→ **Problem details**: Leave the pictures out and print every record below exactly as it stands.

------ Material provided

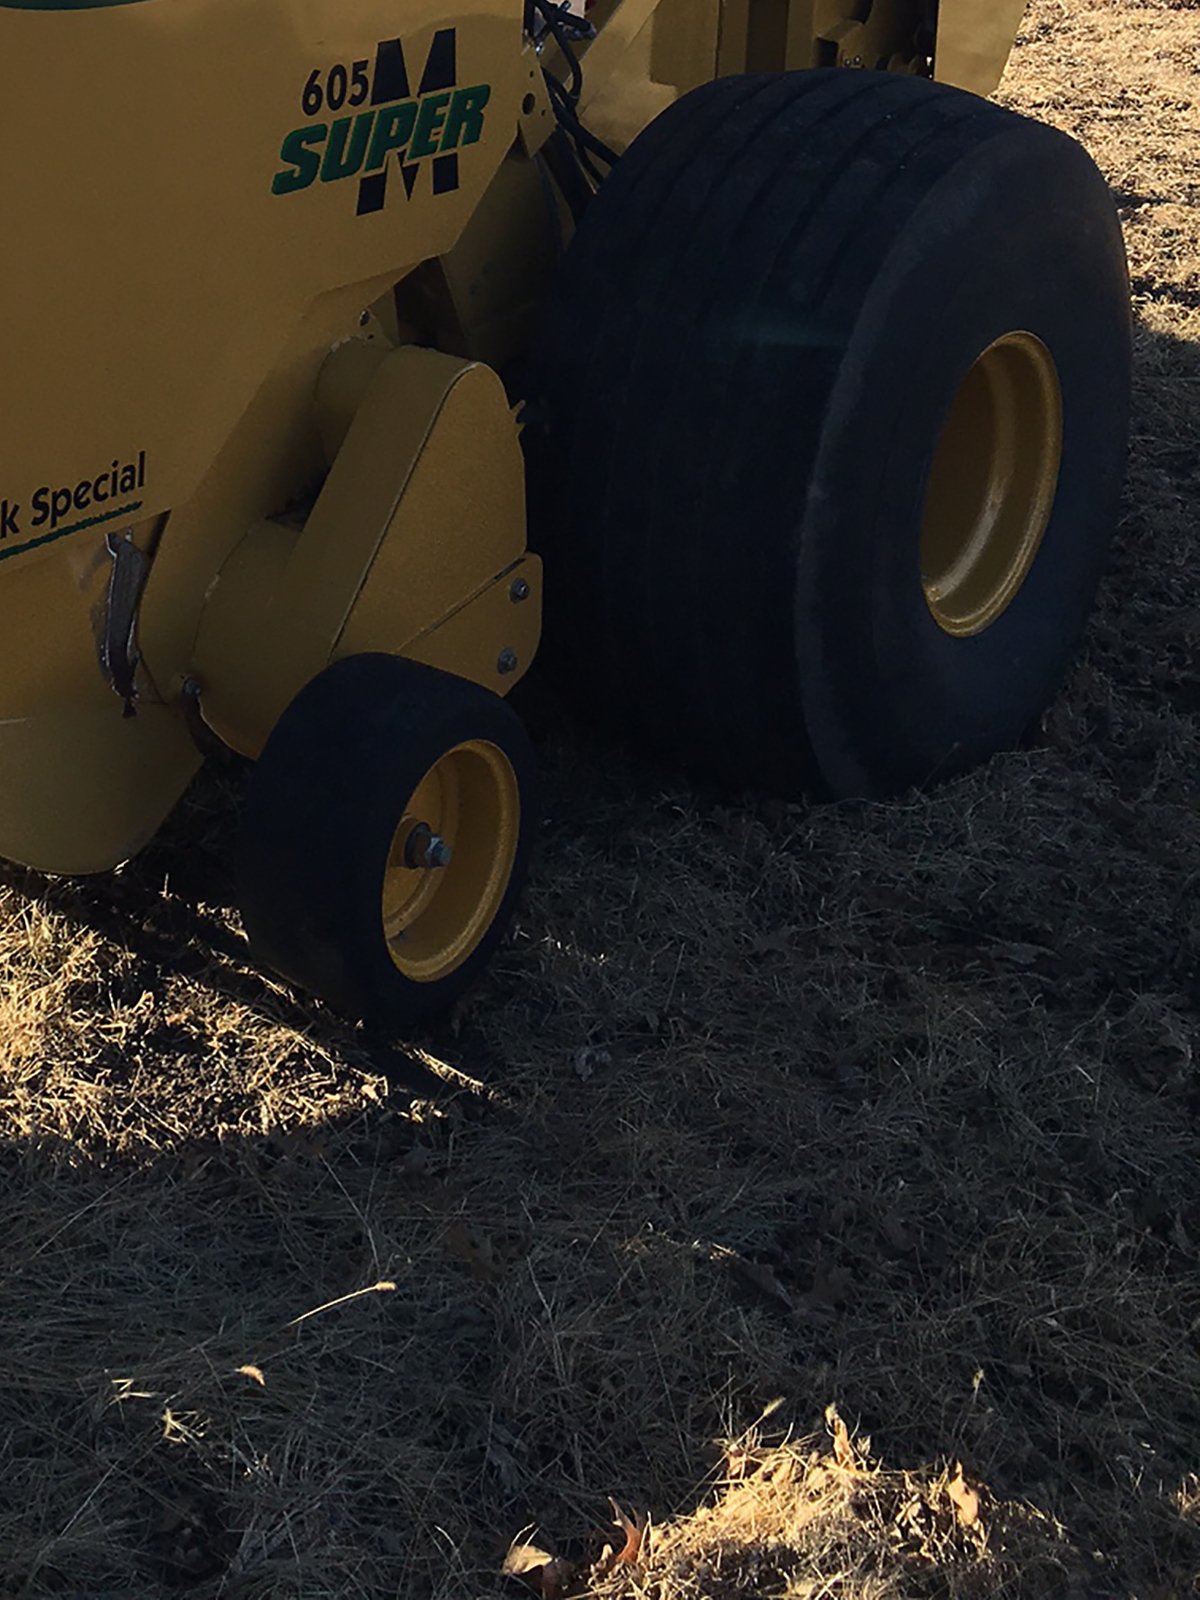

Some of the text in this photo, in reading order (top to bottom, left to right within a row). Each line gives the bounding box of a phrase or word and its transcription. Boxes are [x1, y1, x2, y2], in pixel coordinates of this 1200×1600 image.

[302, 59, 369, 116] 605
[271, 84, 491, 195] SUPER
[31, 450, 146, 528] Special
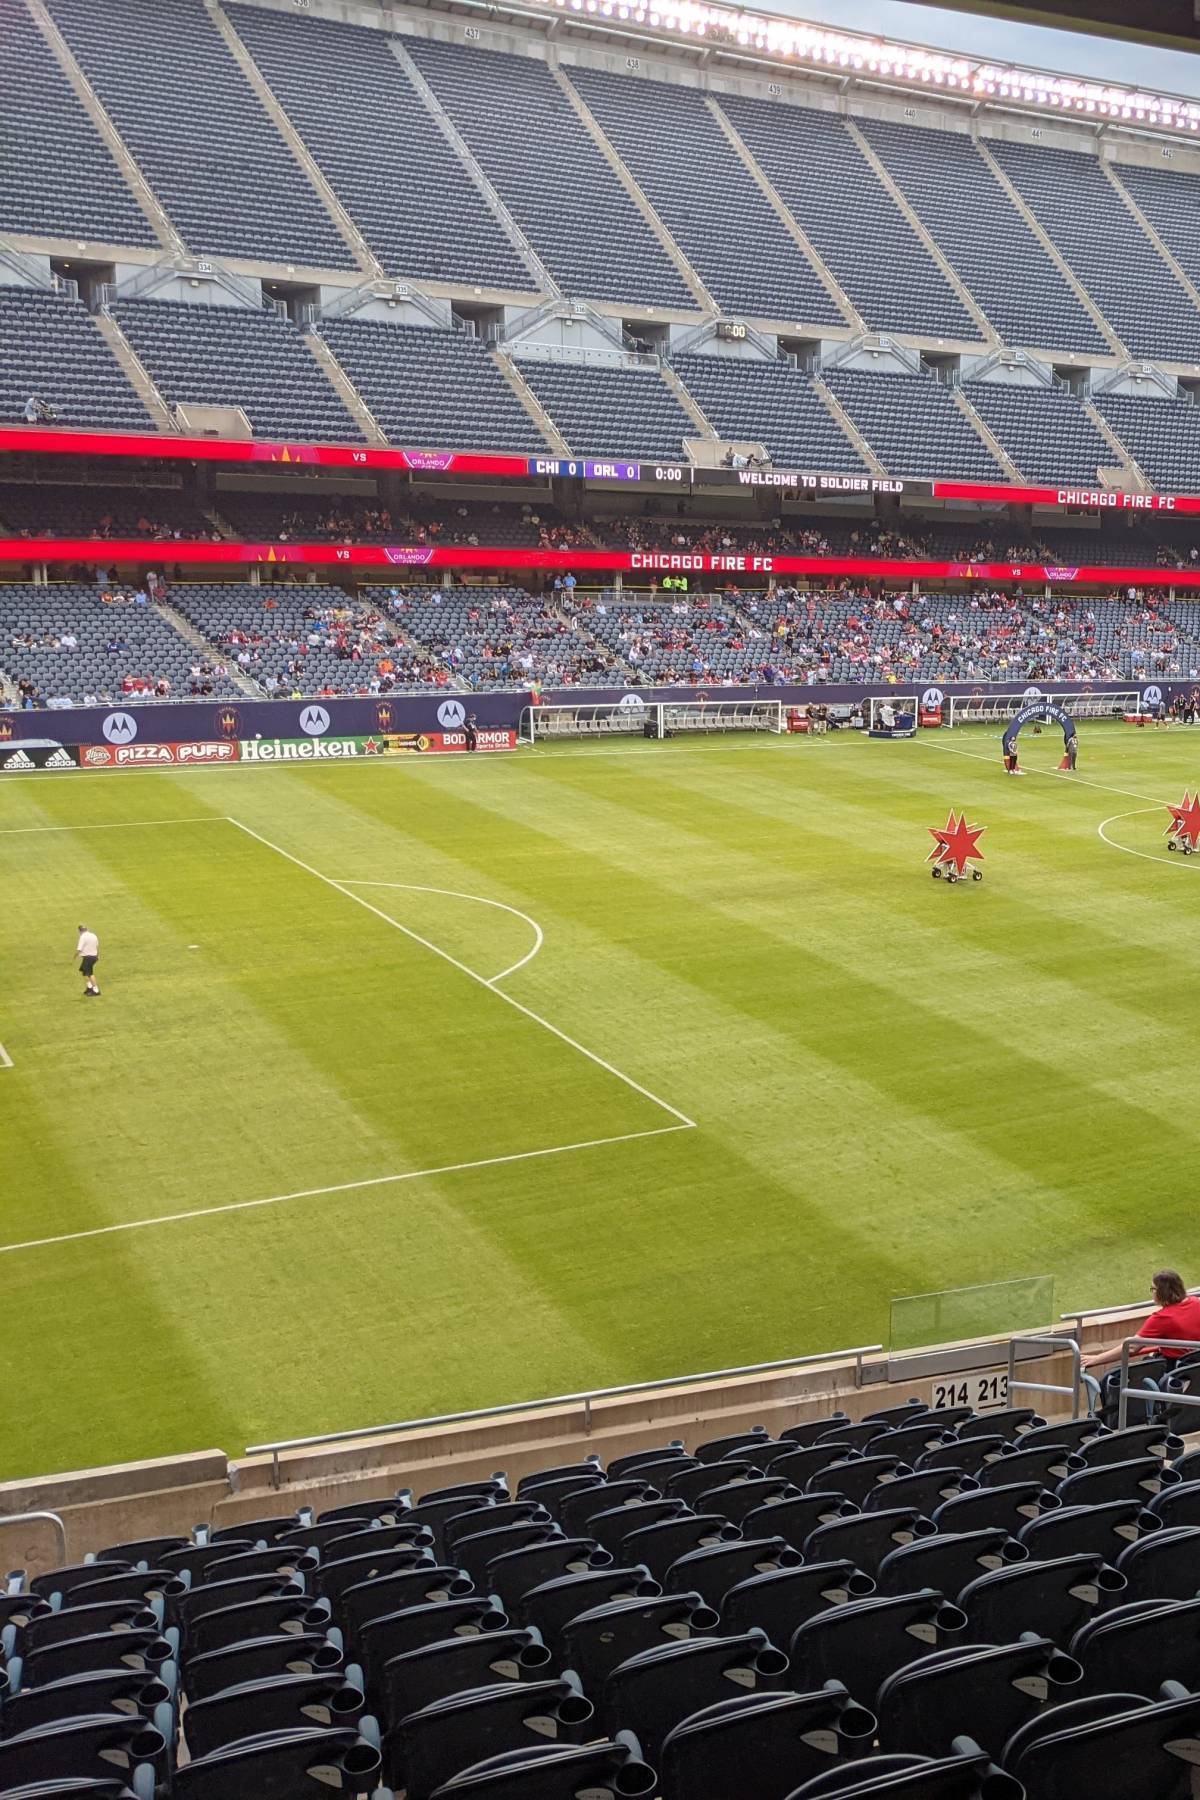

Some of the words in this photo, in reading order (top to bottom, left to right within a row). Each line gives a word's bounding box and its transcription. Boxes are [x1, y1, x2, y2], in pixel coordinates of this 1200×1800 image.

[465, 28, 479, 39] 437
[627, 58, 639, 69] 438
[199, 263, 211, 271] 334
[352, 453, 367, 462] VS
[411, 458, 445, 467] ORLANDO
[536, 461, 559, 474] CHI
[568, 462, 577, 475] 0
[593, 464, 619, 477] ORL
[626, 464, 635, 478] 0
[655, 467, 682, 481] 0:00
[738, 471, 798, 486] WELCOME
[801, 475, 817, 487] TO
[820, 476, 868, 491] SOLDIER
[871, 480, 904, 493] FIELD
[1057, 490, 1117, 506] CHICAGO
[1123, 494, 1152, 508] FIRE
[1158, 496, 1175, 510] FC
[336, 550, 350, 559] VS
[631, 553, 703, 570] CHICAGO
[710, 555, 746, 571] FIRE
[753, 557, 773, 571] FC
[1017, 705, 1044, 724] CHICAGO
[1045, 705, 1060, 717] FIRE
[1058, 711, 1068, 722] FC
[443, 731, 510, 745] BODRMOR
[117, 747, 172, 762] PIZZA
[179, 745, 231, 760] PUFF
[240, 737, 358, 760] Heineken
[3, 761, 36, 769] adidas
[45, 759, 77, 768] adidas
[935, 1382, 969, 1408] 214
[978, 1375, 1008, 1401] 213

------------

→ **Your response**:
Some of the text in this photo, in reading order (top to bottom, left to right within a row). Each line gives the bounding box of a phrase or word and its transcription. Boxes are [x1, y1, x2, y2], in pixel coordinates of this 1200×1600 image.

[302, 59, 369, 116] 605
[271, 84, 491, 195] SUPER
[31, 450, 146, 528] Special

Some of the words in this photo, in reading order (top to bottom, left to right within a row). Each line gives a word's bounding box and its transcription. Boxes are [x1, y1, x2, y2], in pixel coordinates of this 1200×1800 image.

[465, 28, 479, 39] 437
[627, 58, 639, 69] 438
[199, 263, 211, 271] 334
[352, 453, 367, 462] VS
[411, 458, 445, 467] ORLANDO
[536, 461, 559, 474] CHI
[568, 462, 577, 475] 0
[593, 464, 619, 477] ORL
[626, 464, 635, 478] 0
[655, 467, 682, 481] 0:00
[738, 471, 798, 486] WELCOME
[801, 475, 817, 487] TO
[820, 476, 868, 491] SOLDIER
[871, 480, 904, 493] FIELD
[1057, 490, 1117, 506] CHICAGO
[1123, 494, 1152, 508] FIRE
[1158, 496, 1175, 510] FC
[336, 550, 350, 559] VS
[631, 553, 703, 570] CHICAGO
[710, 555, 746, 571] FIRE
[753, 557, 773, 571] FC
[1017, 705, 1044, 724] CHICAGO
[1045, 705, 1060, 717] FIRE
[1058, 711, 1068, 722] FC
[443, 731, 510, 745] BODRMOR
[117, 747, 172, 762] PIZZA
[179, 745, 231, 760] PUFF
[240, 737, 358, 760] Heineken
[3, 761, 36, 769] adidas
[45, 759, 77, 768] adidas
[935, 1382, 969, 1408] 214
[978, 1375, 1008, 1401] 213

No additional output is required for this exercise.